With a hand on the glass that separated them, her pod rose into a shaft that brought her away from the space and investigating team of intruders below. She saw her reflection in the darkness on the other side of the glass and then all fell away as she entered the colder chambers filled with Shadows and computers. Her pod stopped and she stepped out. Greeting those who waited for her, she led them to her office, seeing the working Shadows not even flinch despite the attack from the morning.
Because all of the Shadows were genetic mutations and fractions of what their Origins were, that meant any and every cyber and virtual attack impacted them on another level. Humans saw and understood only the surface, but having your brain waves and heartbeat rely on that which others can control was a much different story. A mystery none knew how to attack just yet brought great pains to Remedium. No one had expected it to affect these machine-like creatures that kept life going as everyone knew it, but it had and now, whether she liked it or not, Lady May saw fear in the eyes of the humans who had commissioned for such experiments to take place.
“Such a cruel world,” she mumbled to herself, ignoring the blinking lights of multiple phone calls to her office. After finding out the complications of cloning from greatness, those very humans thought to put the clones to work, which worked, until now.
Whether she made the right decision sending Jenna to her would soon be revealed.
Jenna and Hayden stepped out of the shaft and walked down a hallway to find themselves at the Red Line platform at the LA Union Station. Jenna looked around and murmured, “Looks like we’re on our own.”
Hayden searched the crowds for wandering eyes but no one paid any attention to them. “Do you know where we’re going?” he asked quietly at her side.
Jenna nodded, “There’s a faint memory of an abandoned facility that I really want to go to. I can feel something calling me there,” she added. A distant light caught Hayden’s eye and he peeked over to see Jenna in deep thought. People moved around them quickly, searching for the best position to enter the oncoming train.

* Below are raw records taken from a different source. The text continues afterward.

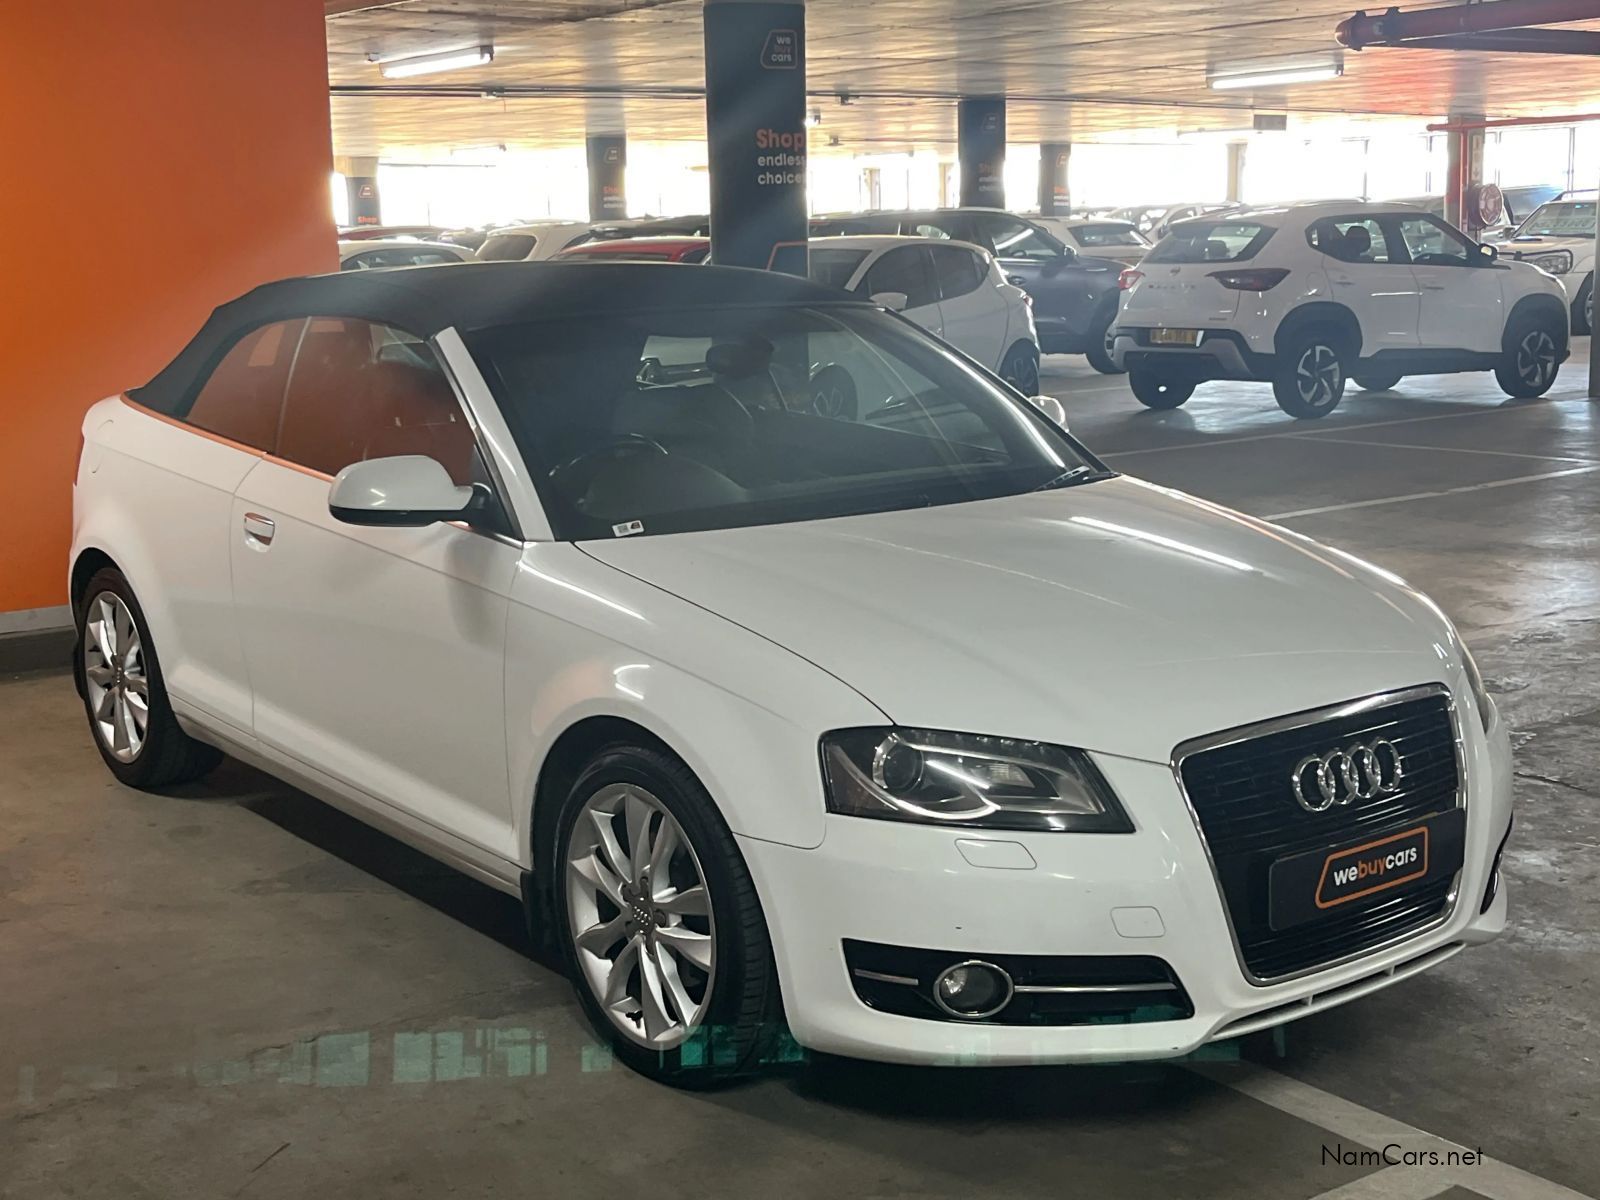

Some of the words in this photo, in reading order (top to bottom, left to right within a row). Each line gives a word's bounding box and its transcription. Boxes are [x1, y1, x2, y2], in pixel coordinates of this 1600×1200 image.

[776, 36, 791, 45] we
[771, 54, 792, 62] cars
[756, 129, 806, 152] Shop
[1333, 846, 1417, 886] webuycars
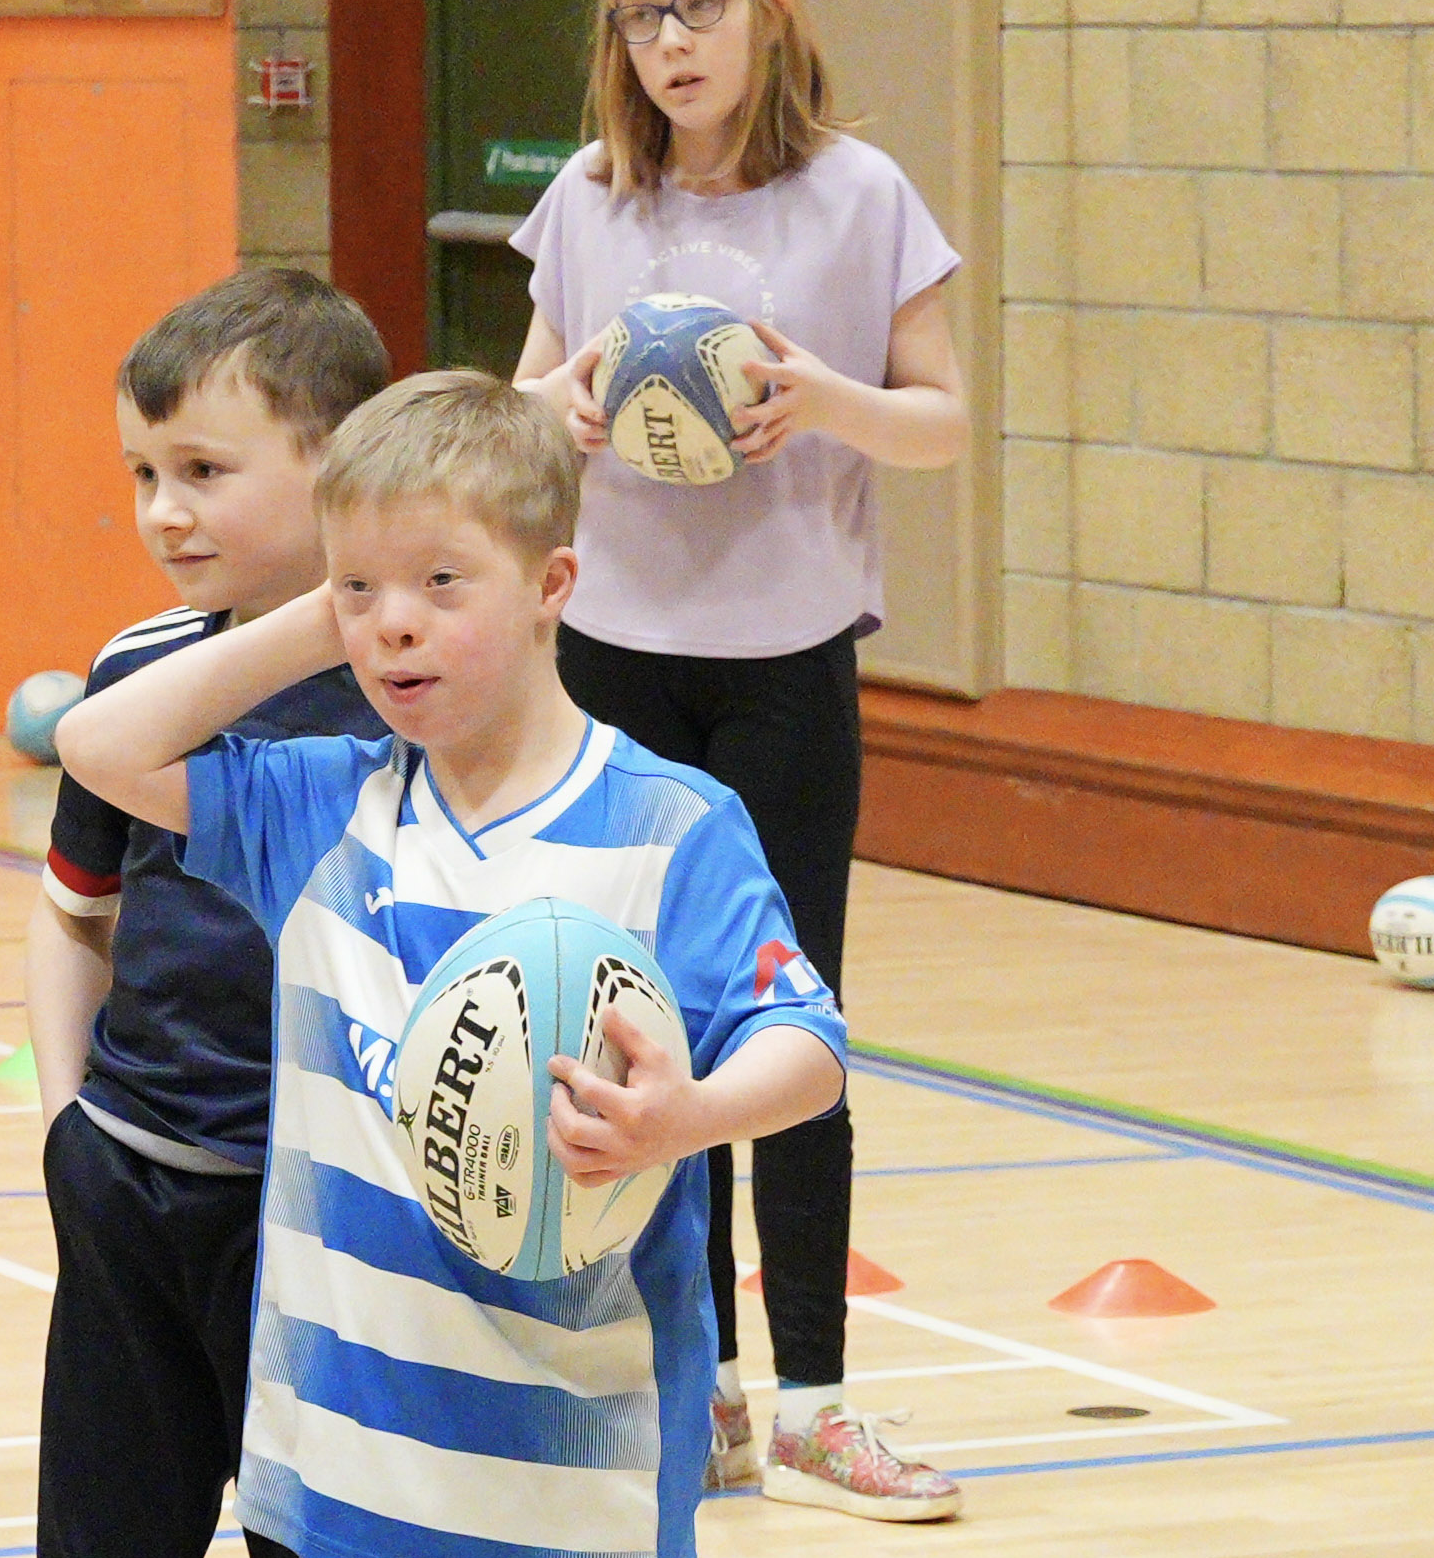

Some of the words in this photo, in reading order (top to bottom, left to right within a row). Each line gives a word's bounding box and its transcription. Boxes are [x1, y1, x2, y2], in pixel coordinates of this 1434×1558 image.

[463, 1123, 481, 1201] G-TR4000
[480, 1134, 492, 1160] BALL
[477, 1160, 488, 1202] TRAINER

Hayden had to nudge her to the side as the subway train arrived and a man bustled forward. He knew better than to test her. She was on a mission and he, apparently, was what muscle she needed. They hadn’t brought Oren because he had insisted on remaining at the house, in case anything or anyone decided to return. Jenna had to go and, therefore, Hayden her guard. Boy, he wished Michel hadn’t disappeared.